### TASK TO COMPLETE
Return all the entries word for word, minus the pictures.
[[ EXERCISE DATA, beginning ]]
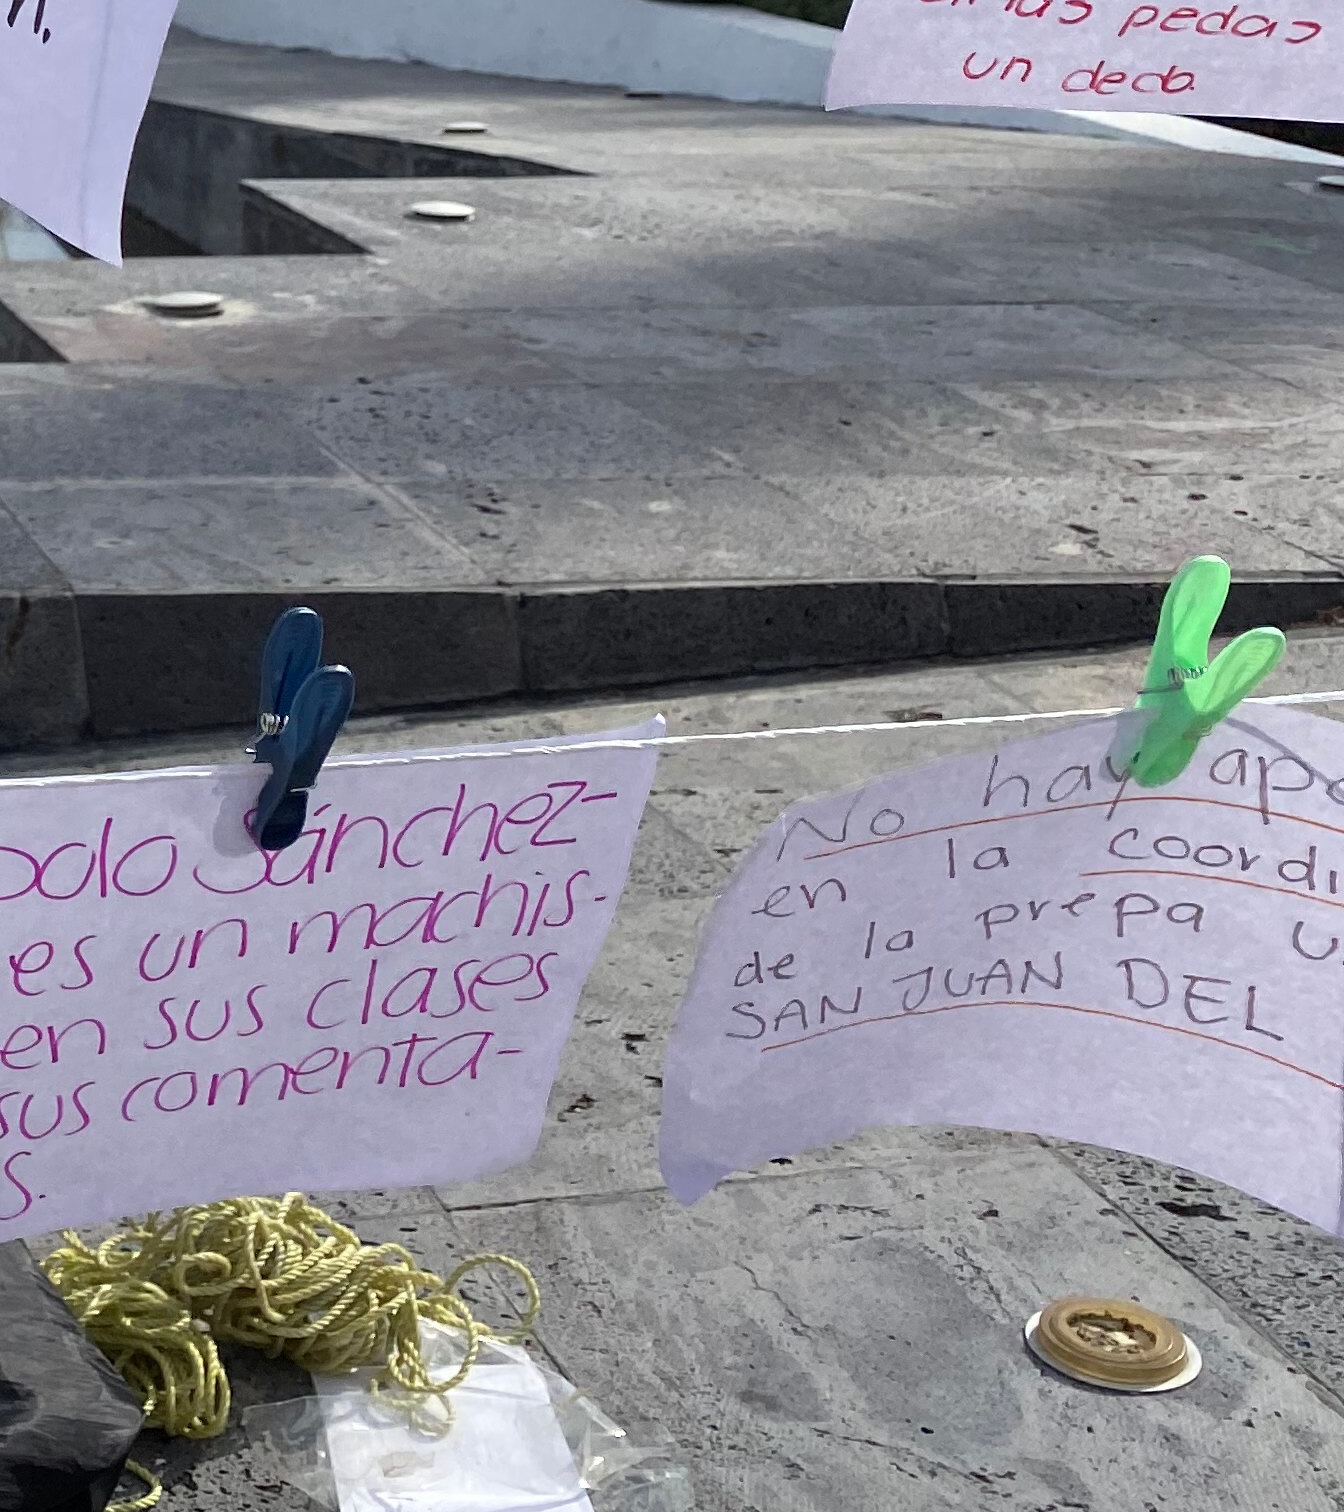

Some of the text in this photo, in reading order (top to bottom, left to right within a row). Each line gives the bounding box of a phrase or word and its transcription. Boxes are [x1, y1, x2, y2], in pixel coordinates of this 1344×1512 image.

[961, 51, 1033, 84] un
[1117, 4, 1323, 45] pedas
[776, 787, 907, 862] No
[983, 752, 1142, 822] hay
[750, 877, 848, 919] en
[946, 837, 1011, 879] la
[8, 934, 98, 996] es
[138, 917, 248, 982] un
[733, 949, 798, 988] de
[863, 920, 916, 960] la
[973, 891, 1206, 942] prepa
[143, 983, 269, 1050] sus
[305, 951, 560, 1030] clases
[724, 950, 1286, 1043] SAN JUAN DEL
[121, 1031, 525, 1123] comenta-
[[ EXERCISE DATA, end ]]
### ANSWER TO THIS PROBLEM
Some of the text in this photo, in reading order (top to bottom, left to right within a row). Each line gives the bounding box of a phrase or word and its transcription. Boxes are [x1, y1, x2, y2], in pixel coordinates of this 1344×1512 image.

[961, 51, 1033, 84] un
[1117, 4, 1323, 45] pedas
[776, 787, 907, 862] No
[983, 752, 1142, 822] hay
[750, 877, 848, 919] en
[946, 837, 1011, 879] la
[8, 934, 98, 996] es
[138, 917, 248, 982] un
[733, 949, 798, 988] de
[863, 920, 916, 960] la
[973, 891, 1206, 942] prepa
[143, 983, 269, 1050] sus
[305, 951, 560, 1030] clases
[724, 950, 1286, 1043] SAN JUAN DEL
[121, 1031, 525, 1123] comenta-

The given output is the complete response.